AppleInsider is supported by its audience and may earn commission as an Amazon Associate and affiliate partner on qualifying purchases. These affiliate partnerships do not influence our editorial content.

Responding to speculation as to why the iOS 10 beta kernel was left unencrypted, Apple on Wednesday confirmed the move was made deliberately to streamline system performance.

Explaining the decision, an Apple spokesperson toldTechCrunch that because iOS 10's kernel cache does not contain sensitive information, it does not need to be encrypted.

"The kernel cache doesn't contain any user info, and by unencrypting it we're able to optimize the operating system's performance without compromising security," the representative said.

Apple traditionally obfuscates the kernel in order to protect its prized operating system from unwanted probing or reverse engineering, potentially by nefarious agents.
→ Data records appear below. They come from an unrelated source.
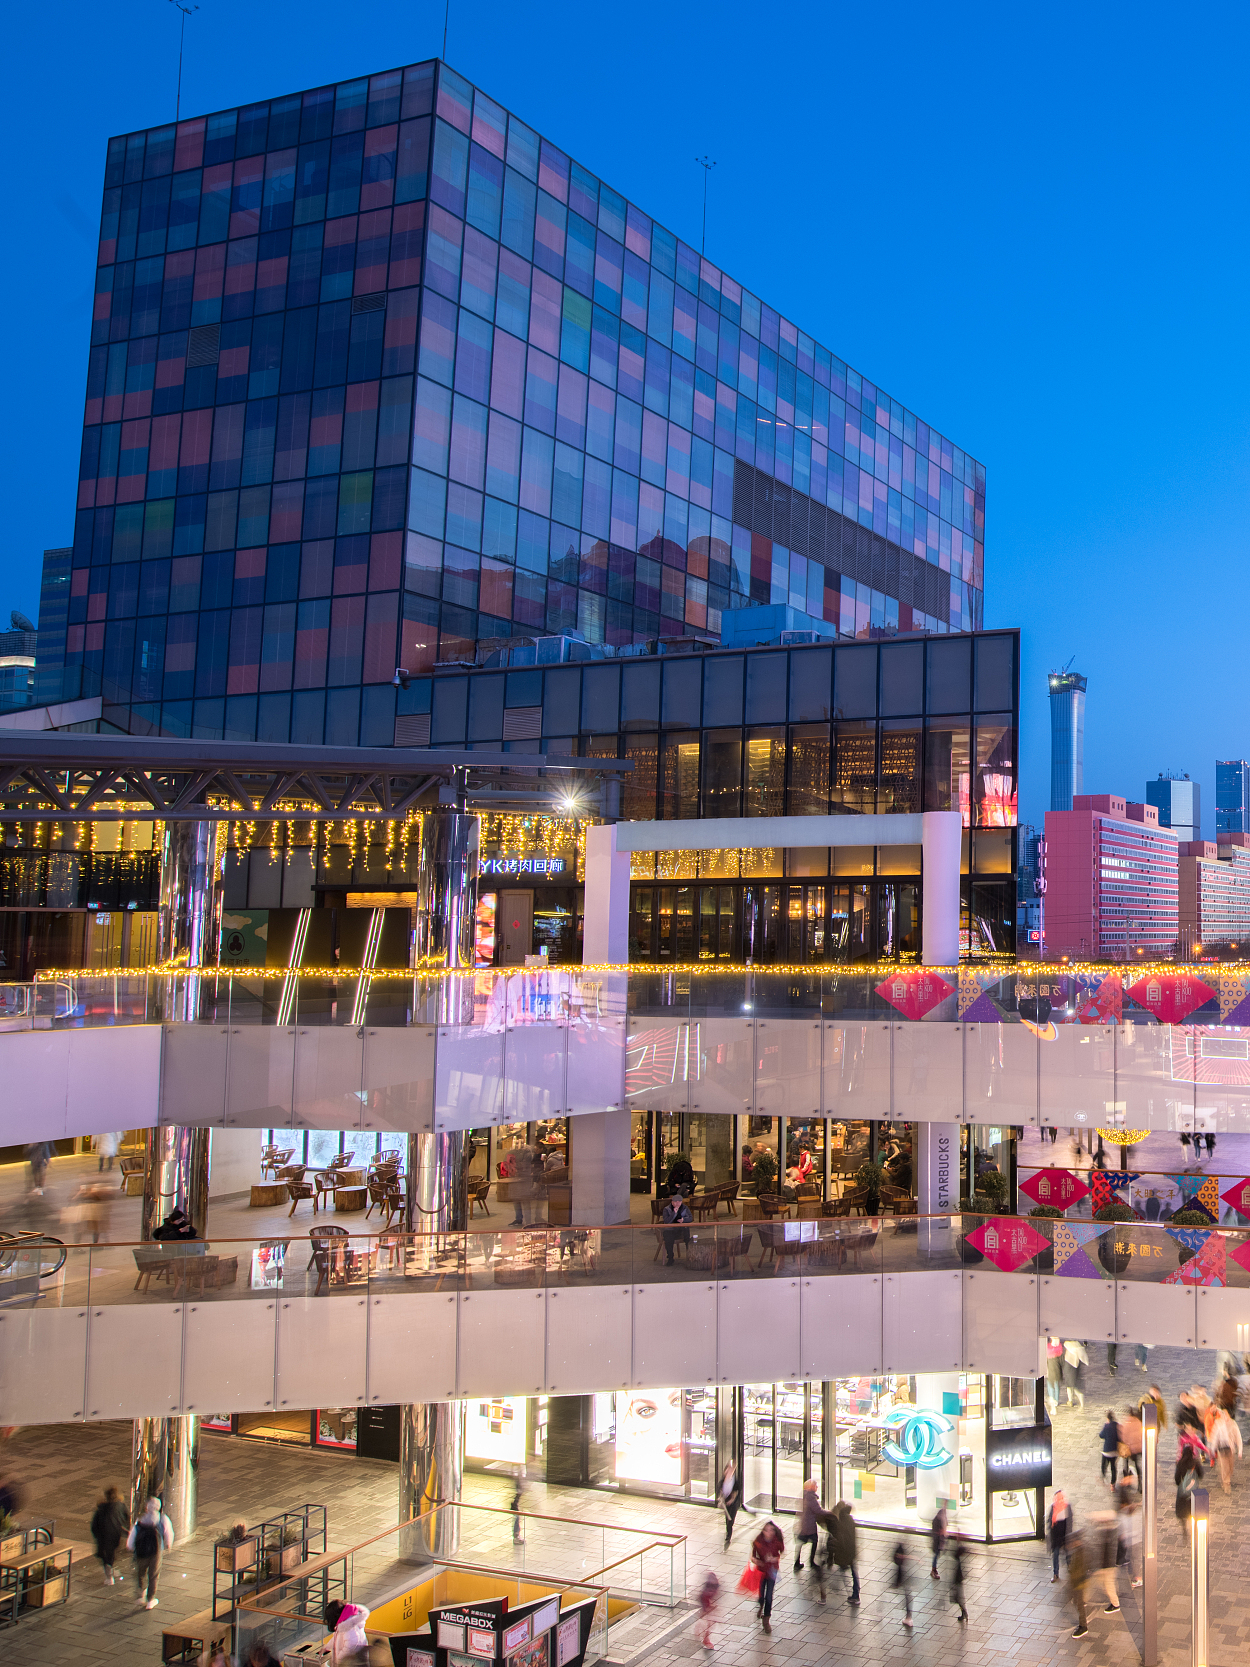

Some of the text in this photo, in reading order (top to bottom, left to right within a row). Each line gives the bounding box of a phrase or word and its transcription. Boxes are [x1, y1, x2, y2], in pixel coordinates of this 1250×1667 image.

[938, 1137, 949, 1208] STARBUCKS
[992, 1450, 1051, 1467] CHANEL
[404, 1595, 412, 1607] L1
[403, 1607, 413, 1620] LG
[440, 1611, 494, 1630] MEGABOX
The small risk — or no risk, according to Apple — of furnishing unobscured kernel cache data is likely outweighed by potential benefits.

As noted by experts earlier this week, Apple's decision allows security researchers to — legitimately — dive into the "heart" of iOS for the first time. In particular, white hats, or researchers who find and disclose vulnerabilities publicly in an effort to secure consumer devices, now have unprecedented access to Apple's code, meaning more eyes are on the lookout for potential weaknesses.

Further, Apple's move could deflate the iOS exploit market run by so-called "gray hats," or experts who take part in the ethically questionable practice of selling software vulnerabilities to government agencies or companies. The issue is of particular interest to Apple, a company that just this year tussled in court with the U.S. Justice Department over data privacy.

In February, Apple was ordered to bypass iOS security mechanisms to gain access to an iPhone linked to last year's San Bernardino terror attack. The company refused, mounting a legal defensive in response, but the case was rendered moot when the FBI cracked the device on its own using a purchased zero-day vulnerability.